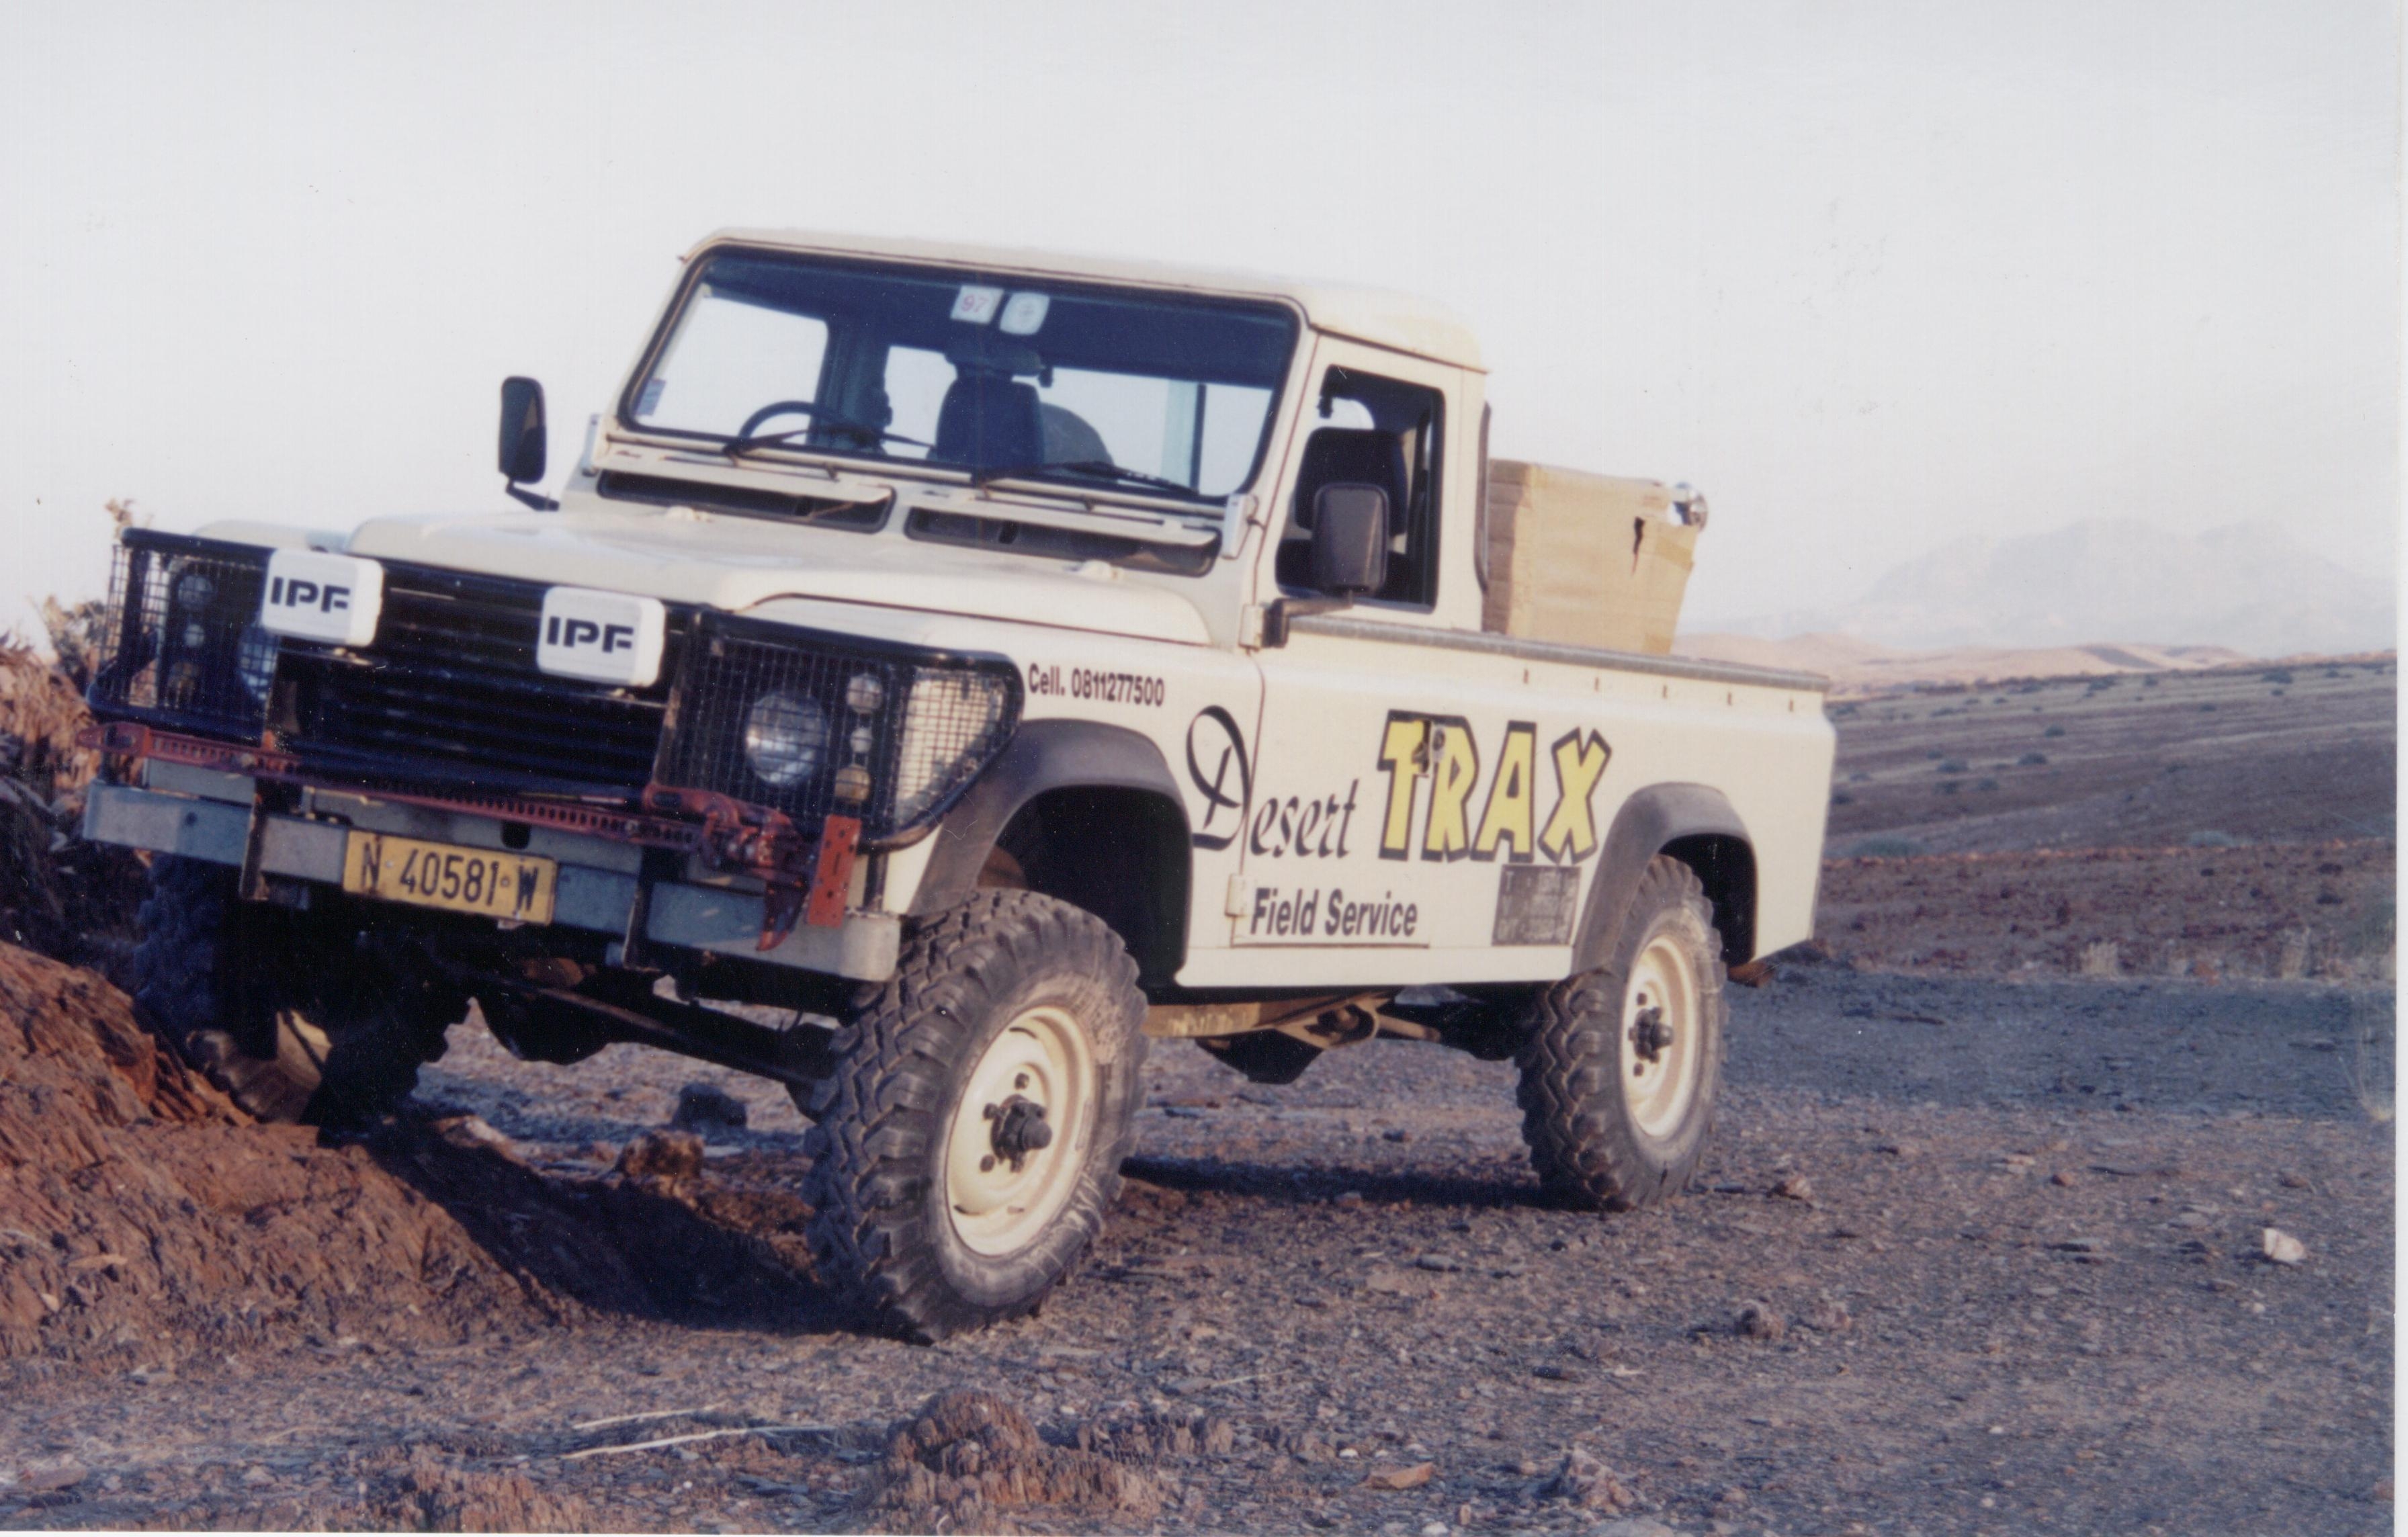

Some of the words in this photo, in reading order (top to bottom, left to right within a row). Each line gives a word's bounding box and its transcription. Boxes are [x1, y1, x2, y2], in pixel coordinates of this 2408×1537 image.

[961, 294, 990, 313] 97
[269, 576, 351, 613] IPF
[546, 616, 635, 653] IPF
[1028, 662, 1066, 696] Cell.
[1071, 668, 1165, 707] 0811277500
[1186, 705, 1360, 859] Desert
[1377, 709, 1612, 865] TRAX
[360, 842, 383, 891] N
[399, 848, 501, 908] 40581
[514, 864, 539, 912] W
[1249, 887, 1320, 936] Field
[1324, 891, 1418, 937] Service

■ ■ ■ ■

Aim of the exercise: Give the entries again, exactly and in full, with no image included.

Problem solution:
Some of the words in this photo, in reading order (top to bottom, left to right within a row). Each line gives a word's bounding box and its transcription. Boxes are [x1, y1, x2, y2], in pixel coordinates of this 2408×1537 image.

[961, 294, 990, 313] 97
[269, 576, 351, 613] IPF
[546, 616, 635, 653] IPF
[1028, 662, 1066, 696] Cell.
[1071, 668, 1165, 707] 0811277500
[1186, 705, 1360, 859] Desert
[1377, 709, 1612, 865] TRAX
[360, 842, 383, 891] N
[399, 848, 501, 908] 40581
[514, 864, 539, 912] W
[1249, 887, 1320, 936] Field
[1324, 891, 1418, 937] Service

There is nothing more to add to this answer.